PLAY REVIEW: 'The Return' | Directed by John Vreeke | Written by Hanna Eady and Edward Mast | At Cherry Street Village through Dec. 3 | Tickets $10–$75
Dunya Production’s latest project, “The Return,” comes in the form of a one-act, 75-minute play about two people who meet in an auto-body shop in the mid-sized Israeli city of Herzilya, a high-tech suburb of Tel Aviv. In fact, the play’s cast only consists of these two characters: an Israeli Jewish woman (Anna Daines) and a Palestinian man (Tristan Johnson). By Seattle-based playwrights Edward Mast and Hanna Eady, who is Palestinian, “The Return” starts with a question: the woman asks the man, a mechanic, if he is open on the Sabbath. The woman on stage grows more relentless with each question, each one more bizarre. She asks him, getting in both his face and the audience’s, if they let him work on “army jeeps.”
This tension is aided by the intimate set. The stage is a small space at the center of the theater with canvas cascading above. The lights cast off colors of purple, gray and white as our two characters face across from each other.
Throughout this first scene, the woman is accusatory and invasive, while the repairman is firm yet always very polite. While he is good at keeping a poker face, he gives away what he is holding back. He begins to recognize her even as he tries to keep her from realizing who he is. Sounds of noise, clashing music and cars transition to make their history clearer. Not only do they know each other — they share a tragic and romantic past. The man claims he’s rehabilitated after he went to prison for committing a crime against the woman. He is apologetic for his crime and just wants to live a normal life with no trouble. She suspects that he was mistreated in jail and decries his sentence. The man argues that it is for the best and fit for the crime. And in a moment of frustration, she cries that if his crime is really a crime, half the men in Brooklyn would be in jail.

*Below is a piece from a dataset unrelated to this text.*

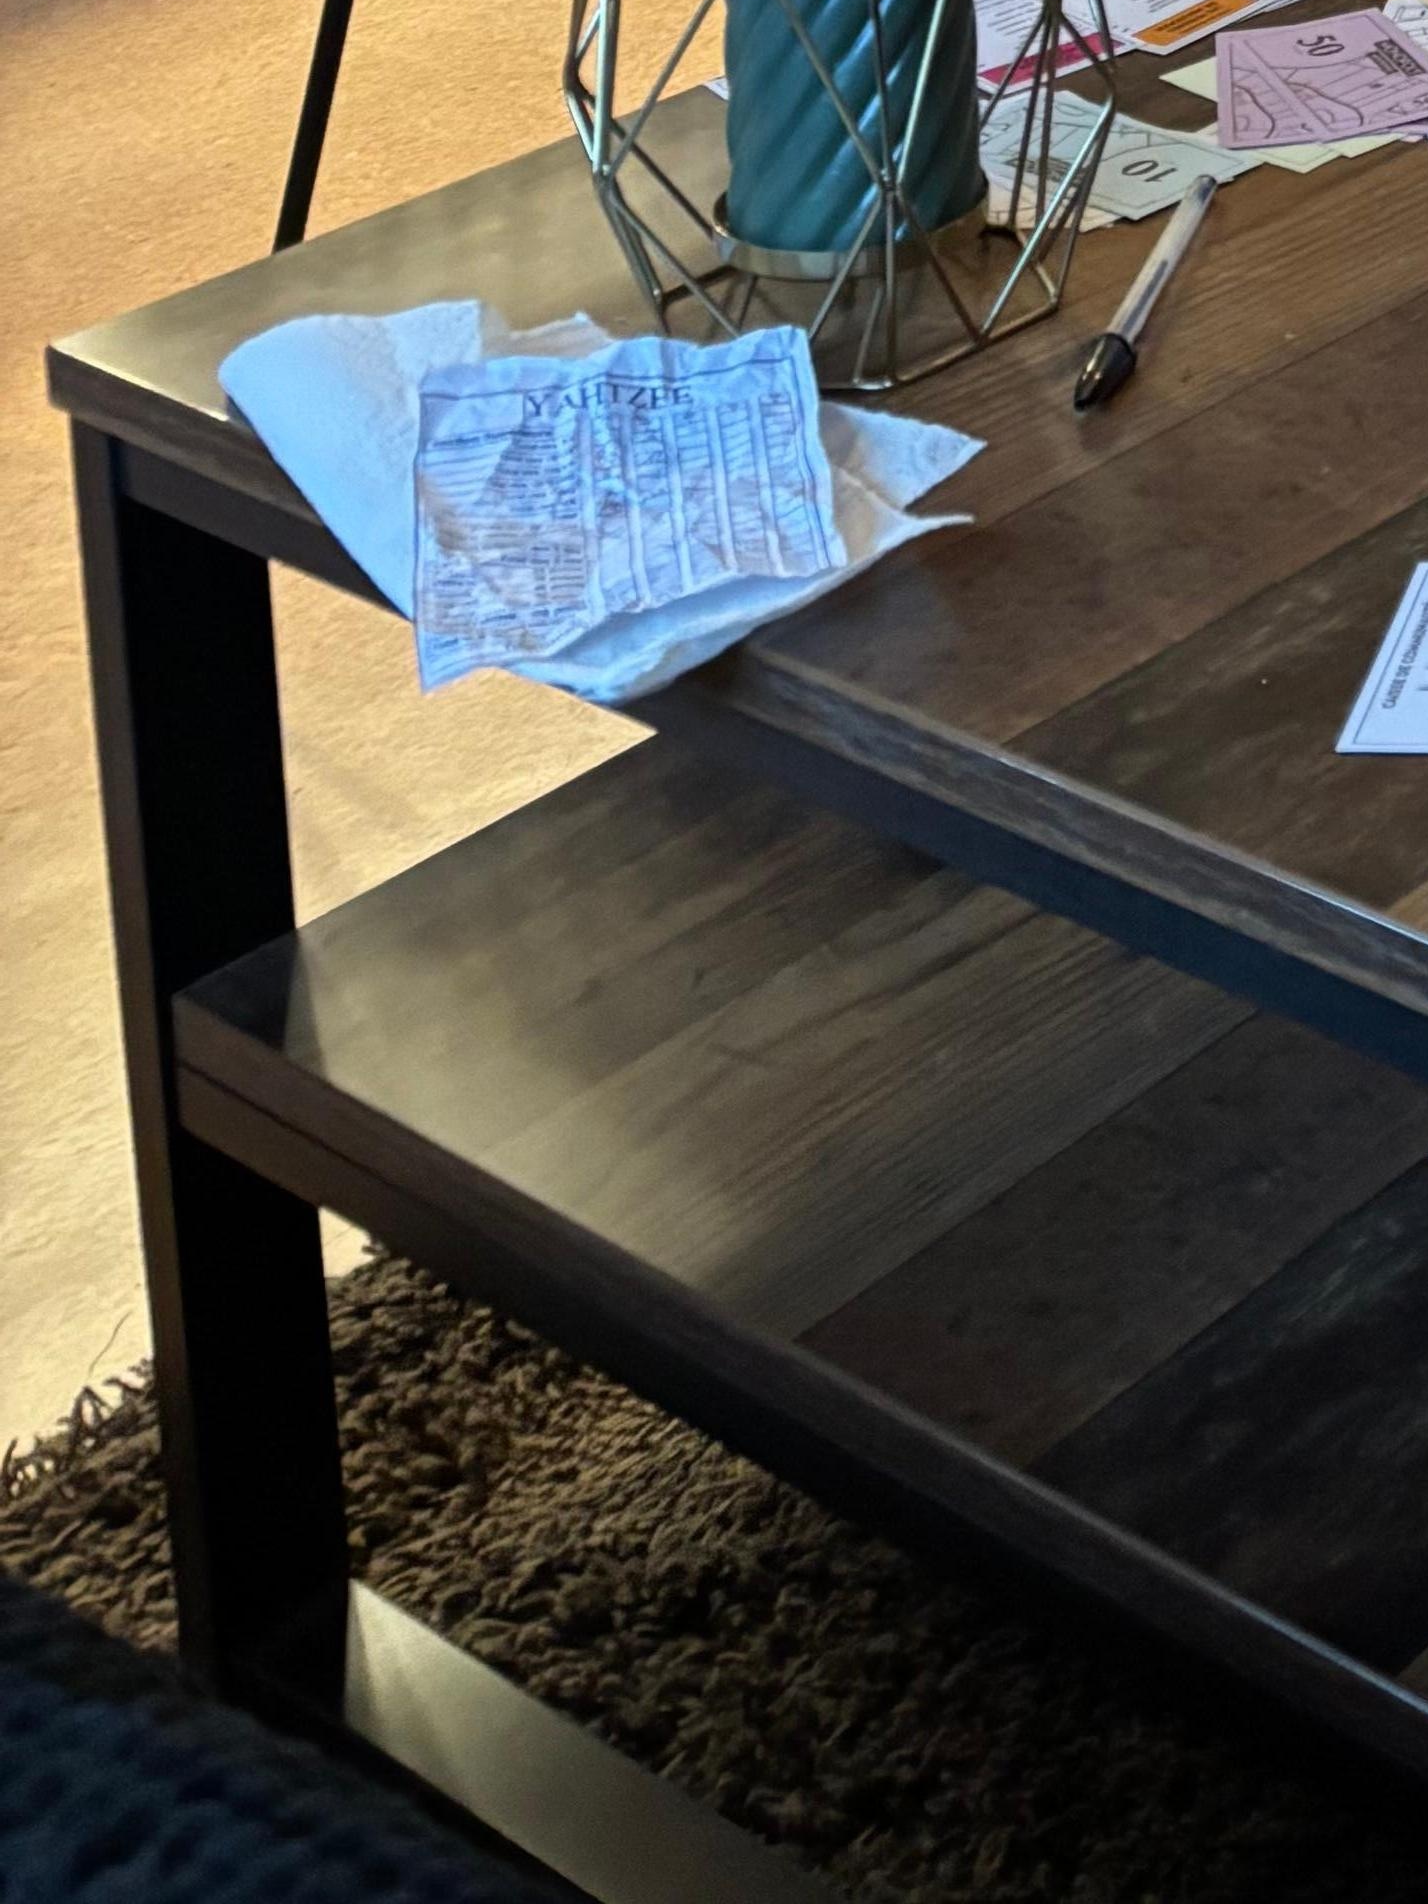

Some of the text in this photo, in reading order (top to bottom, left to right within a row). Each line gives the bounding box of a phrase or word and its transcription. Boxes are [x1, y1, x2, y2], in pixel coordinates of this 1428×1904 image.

[1297, 34, 1345, 57] 50
[1122, 159, 1181, 183] 10
[526, 381, 693, 418] YAHTZEE

What is the crime? Pretending to be something you’re not to have sex with someone, but the particularity of the crime in “The Return” makes it explicit that he was punished as a Palestinian man lying to an Israeli woman about being Israeli. The tone of his punishment reflects something particular about the Palestinian experience. He can’t express anything about Palestine; he has had his tattoo removed and he is under constant surveillance.
It’s clear he wants peace and quiet, but the woman who has accused him feels deep guilt and seeks him out in her search for atonement. The trial opened the woman’s eyes to the inequality of treatment of Palestinians in Israel, but she still does not recognize the immediate fear the Palestinian man faces every day. She blindly ignores his warning, leading to dangerous ends. “The Return” is unflinching and candid. It’s, yes, a break-up story, but it’s also a larger, more heart-breaking story. It spans beyond the two characters and their conflict to represent something larger. The story has layers of betrayal — betrayal by someone, betrayal by the institution, betrayal by your own self.

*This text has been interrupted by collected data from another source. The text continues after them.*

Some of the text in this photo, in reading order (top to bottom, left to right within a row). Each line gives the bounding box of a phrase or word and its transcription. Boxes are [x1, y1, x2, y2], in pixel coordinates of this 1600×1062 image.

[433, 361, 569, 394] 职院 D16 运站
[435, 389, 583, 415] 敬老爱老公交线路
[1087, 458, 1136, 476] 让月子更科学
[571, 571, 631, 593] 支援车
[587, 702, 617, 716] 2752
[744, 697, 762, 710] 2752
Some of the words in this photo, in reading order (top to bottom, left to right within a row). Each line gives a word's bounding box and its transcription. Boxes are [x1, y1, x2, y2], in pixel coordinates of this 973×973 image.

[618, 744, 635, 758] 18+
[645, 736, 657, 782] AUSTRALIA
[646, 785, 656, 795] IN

The play doesn’t shy away from commenting on oppression and privilege; the woman has good intentions, but even those are from a place of privilege. She insists she can fix the trial sentencing, but he asks her repeatedly to just leave everything alone, including him. Even her outrage displays privilege. This is his life — something he has struggled for longer than the woman has. He has been beaten down for years, while this awakening for her began about seven years ago. Her outrage is fresh and new, not the exhausting burden the man carries.
Up close and direct, “The Return” asks the audience: When we seek redemption, who is it for? When we help, are we also listening? It demands the audience's vulnerability.
This quality persists through the production, as Daines and Johnson are intensely vulnerable in their performances. Their energy comes together when they sit on a bench in the middle of the stage, a design created by both director Josh Vreeke and co-writer Hanna Eady. The lights by Adem Hay and sound design by Raymann Hill also play together to bring to reality the increasing pressure of the story, playing along its crescendo and finale.
“The Return” touches deeply on colonial guilt and its witnesses. For me, what makes this message so prescient is not only its commentary on the everyday violence of settler colonialism that Palestenians endure in Israel, but also what was happening in the world as I sat for this production on Nov. 12. That night was the 37th in a row that Israel had indiscriminately bombarded Gaza with bombs, rockets and missiles. No place is safe — not the hospitals, not the shelters, not the schools. Every place has been bombed and, by that day, the toll exceeded 10,000 dead Palestinian citizens. As I finish this review and check the news, the toll is closer to 12,000 people dead.
Videos of Palestinian children holding press conferences fill my news feed, as do reports of new terms such as WCNSF, meaning “Wounded Child, No Surviving Family.” We are witness to the Gaza genocide, and we now stand in front of it, just like the woman in the play realizing the horrors of Israeli surveillance, wondering where do we go from here?
The play’s run at Cherry Village Street marks its Seattle premiere, and while it was set to close this past weekend, new show dates have been added to meet demand, with Dec. 1’s ticket proceeds going to Palestinian Children's Relief Fund. So from now until Dec. 3, don’t miss this production of “The Return:” It will be uncomfortable, it will grasp your gaze and it will remain with you hours after the lights dim.